Install from Source Code

Dependencies

Before you install pyKLIP, you will need to install the following packages, which are useful for most astronomical data analysis situations anyways. We recommend you use python 3 for pyKLIP, but it can be adapted to python 2.7 as well.

  • numpy

  • scipy

  • astropy

  • Optional: matplotlib, mkl-service

For the optional packages, matplotlib is useful to actually plot the images. For mkl-service, pyKLIP autmoatically toggles off MKL parallelism during parallelized KLIP if the mkl-service package is installed. Otherwise, you will need to toggle them off yourself for optimal performance. See notes on parallelized performance below.

For Foward-Model Astrometry and Photometry specifically, you’ll also want to install the following packages:

  • emcee

  • corner

As pyKLIP is computationally expensive, we recommend a powerful computer to optimize the computation. As direct imaging data comes in many different forms, we cannot say right here what the hardware requirements are for your data reduction needs. For data from the Gemini Planet Imager (GPI), a computer with 20+ GB of memory is optimal for an 1 hour sequence taken with the integral field spectrograph and reduced using ADI+SDI. For broadband polarimetry data from GPI, any laptop can reduce the data.

Install

Due to the continually developing nature of pyKLIP, we recommend you use the current version of the code on Bitbucket and keep it updated. To install the most up to date developer version, clone this repository if you haven’t already:

$ git clone https://bitbucket.org/pyKLIP/pyklip.git

This clones the repoistory using HTTPS authentication.
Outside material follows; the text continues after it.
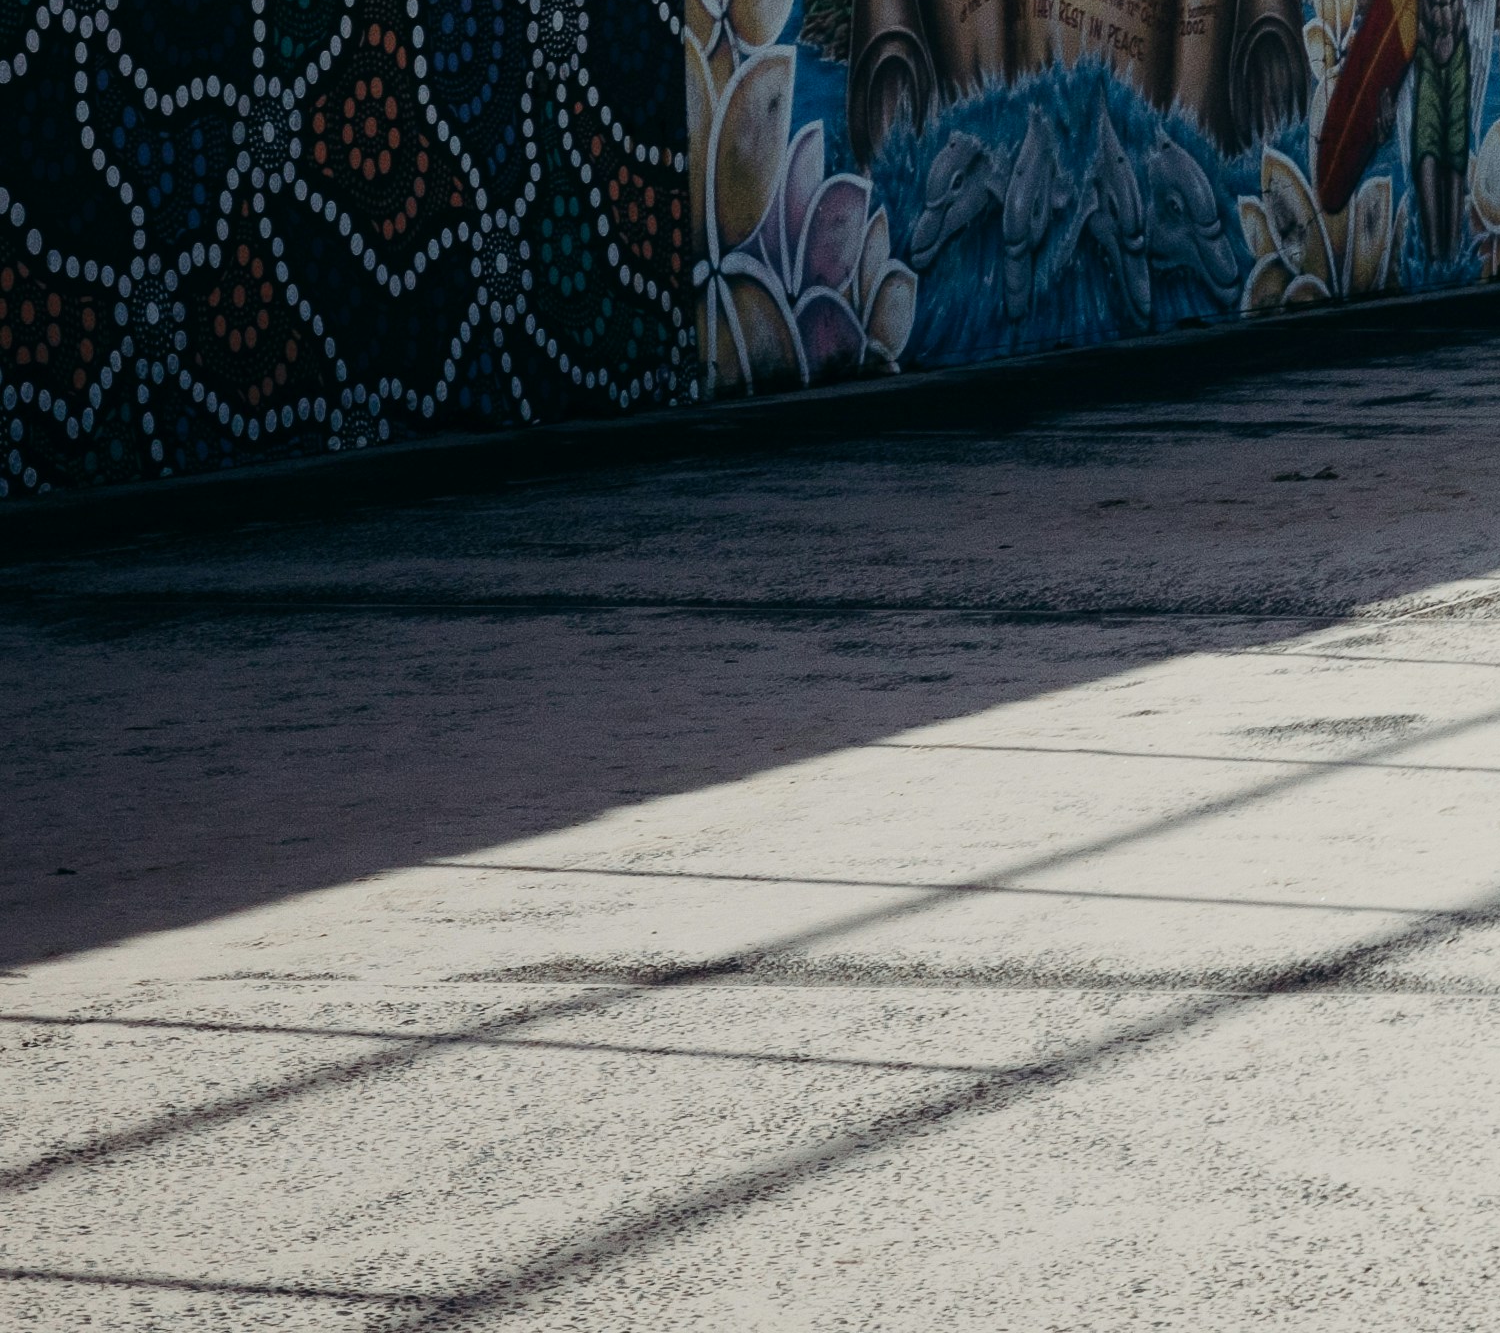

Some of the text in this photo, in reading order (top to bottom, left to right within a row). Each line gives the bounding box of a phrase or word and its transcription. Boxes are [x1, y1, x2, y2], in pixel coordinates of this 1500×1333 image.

Once the repository is cloned onto your computer, cd into it and run the setup file:

$ python setup.py develop

If you use multiple versions of python, you will need to run setup.py with each version of python (this should not apply to most people).
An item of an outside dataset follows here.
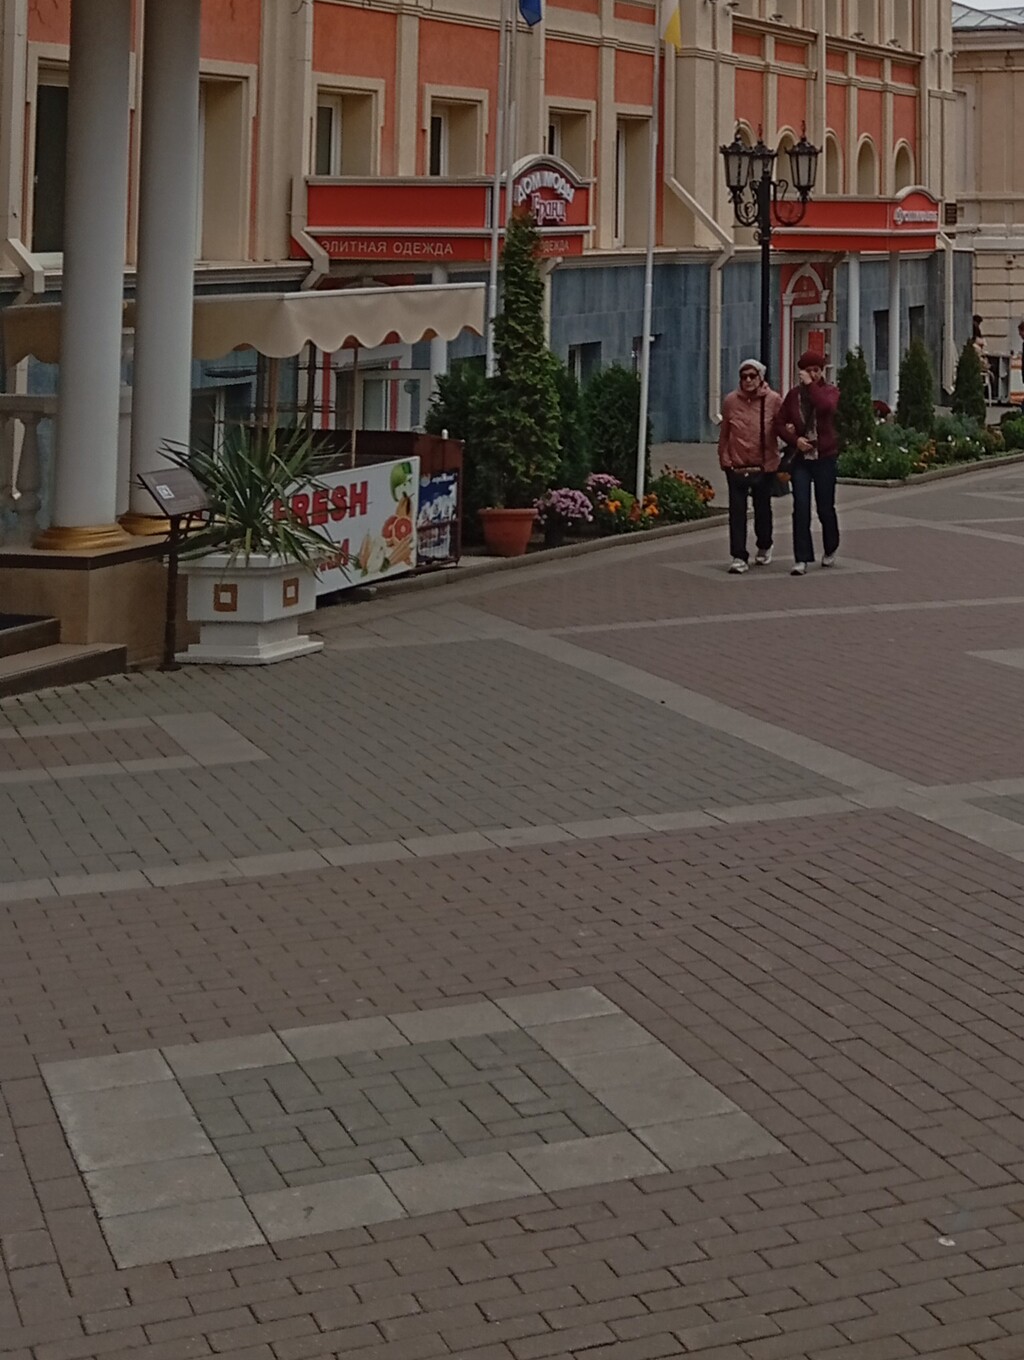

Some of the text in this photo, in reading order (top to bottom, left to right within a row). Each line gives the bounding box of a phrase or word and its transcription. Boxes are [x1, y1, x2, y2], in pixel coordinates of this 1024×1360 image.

Note on parallelized performance

Due to the fact that numpy compiled with BLAS and MKL also parallelizes linear algebra routines across multiple cores, performance can actually sharply decrease when multiprocessing and BLAS/MKL both try to parallelize the KLIP math. If you are noticing your load averages greatly exceeding the number of threads/CPUs, try disabling the BLAS/MKL optimization when running pyKLIP.
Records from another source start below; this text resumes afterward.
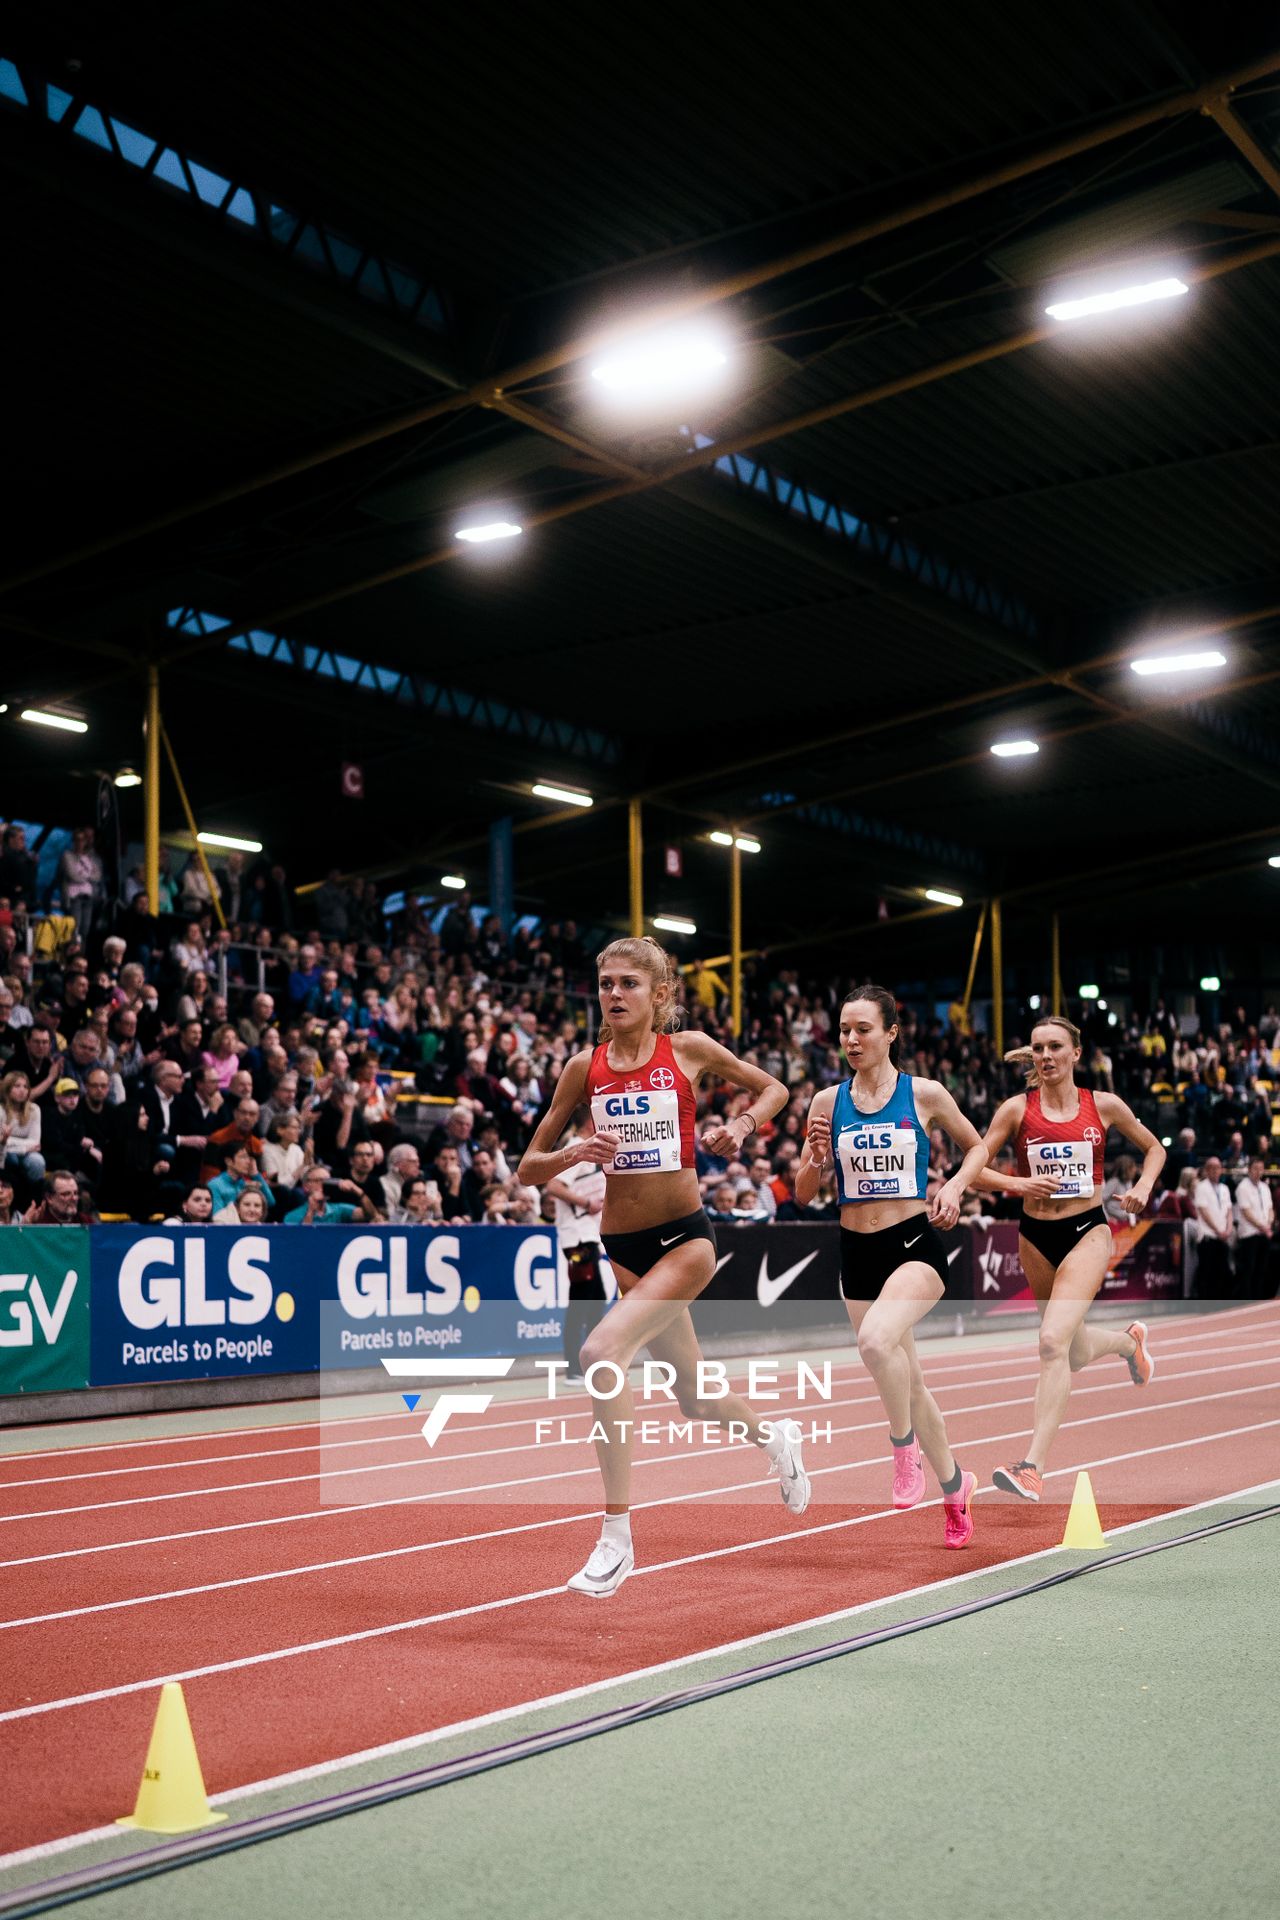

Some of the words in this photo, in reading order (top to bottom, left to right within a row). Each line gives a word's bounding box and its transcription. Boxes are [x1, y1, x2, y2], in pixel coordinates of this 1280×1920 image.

[344, 767, 361, 793] C
[631, 1153, 659, 1163] PLAN
[850, 1155, 905, 1173] KLEIN
[1036, 1163, 1087, 1177] MEYER
[874, 1181, 898, 1190] PLAN
[341, 1328, 394, 1351] Parcels
[398, 1329, 413, 1347] to
[415, 1324, 462, 1348] People
[516, 1319, 562, 1339] Parcels
[122, 1339, 188, 1365] Parcels
[193, 1341, 212, 1360] to
[216, 1334, 273, 1362] People
To disable OpenBLAS, just set the following environment variable before running pyKLIP:

$ export OPENBLAS_NUM_THREADS=1

A recent update to anaconda included some MKL optimizations which may cause load averages to greatly exceed the number of threads specified in pyKLIP. As with the OpenBLAS optimizations, this can be avoided by setting the maximum number of threads the MKL-enabled processes can use:

$ export MKL_NUM_THREADS=1

As these optimizations may be useful for other python tasks, you may only want MKL_NUM_THREADS=1 only when pyKLIP is called, rather than on a system-wide level. By defaulf in parallelized.py, if mkl-service is installed, the original maximum number of threads for MKL is saved, and restored to its original value after pyKLIP has finished. You can also modify the number of threads MKL uses on a per-code basis by running the following piece of code (assuming mkl-service is installed):

import mkl
mkl.set_num_threads(1)

Parallelization on windows

On windows, you might run into the following error:

RuntimeError:
        Attempt to start a new process before the current process
        has finished its bootstrapping phase.
        This probably means that you are on Windows and you have
        forgotten to use the proper idiom in the main module:
            if __name__ == '__main__':
                freeze_support()
                ...
        The "freeze_support()" line can be omitted if the program
        is not going to be frozen to produce a Windows executable.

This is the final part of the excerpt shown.